**Problem description:** All entries should be copied exactly, none left out.

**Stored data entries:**

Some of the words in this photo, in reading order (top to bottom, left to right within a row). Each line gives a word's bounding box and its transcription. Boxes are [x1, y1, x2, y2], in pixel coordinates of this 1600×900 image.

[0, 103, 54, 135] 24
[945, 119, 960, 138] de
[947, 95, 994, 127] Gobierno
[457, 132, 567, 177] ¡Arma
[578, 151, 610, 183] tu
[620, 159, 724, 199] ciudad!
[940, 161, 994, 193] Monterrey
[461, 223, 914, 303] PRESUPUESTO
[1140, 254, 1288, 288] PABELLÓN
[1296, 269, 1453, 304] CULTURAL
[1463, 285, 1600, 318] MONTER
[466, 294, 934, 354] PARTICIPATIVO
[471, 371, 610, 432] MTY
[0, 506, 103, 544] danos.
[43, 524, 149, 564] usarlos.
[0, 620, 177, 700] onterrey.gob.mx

**The completed task:**
Some of the words in this photo, in reading order (top to bottom, left to right within a row). Each line gives a word's bounding box and its transcription. Boxes are [x1, y1, x2, y2], in pixel coordinates of this 1600×900 image.

[0, 103, 54, 135] 24
[945, 119, 960, 138] de
[947, 95, 994, 127] Gobierno
[457, 132, 567, 177] ¡Arma
[578, 151, 610, 183] tu
[620, 159, 724, 199] ciudad!
[940, 161, 994, 193] Monterrey
[461, 223, 914, 303] PRESUPUESTO
[1140, 254, 1288, 288] PABELLÓN
[1296, 269, 1453, 304] CULTURAL
[1463, 285, 1600, 318] MONTER
[466, 294, 934, 354] PARTICIPATIVO
[471, 371, 610, 432] MTY
[0, 506, 103, 544] danos.
[43, 524, 149, 564] usarlos.
[0, 620, 177, 700] onterrey.gob.mx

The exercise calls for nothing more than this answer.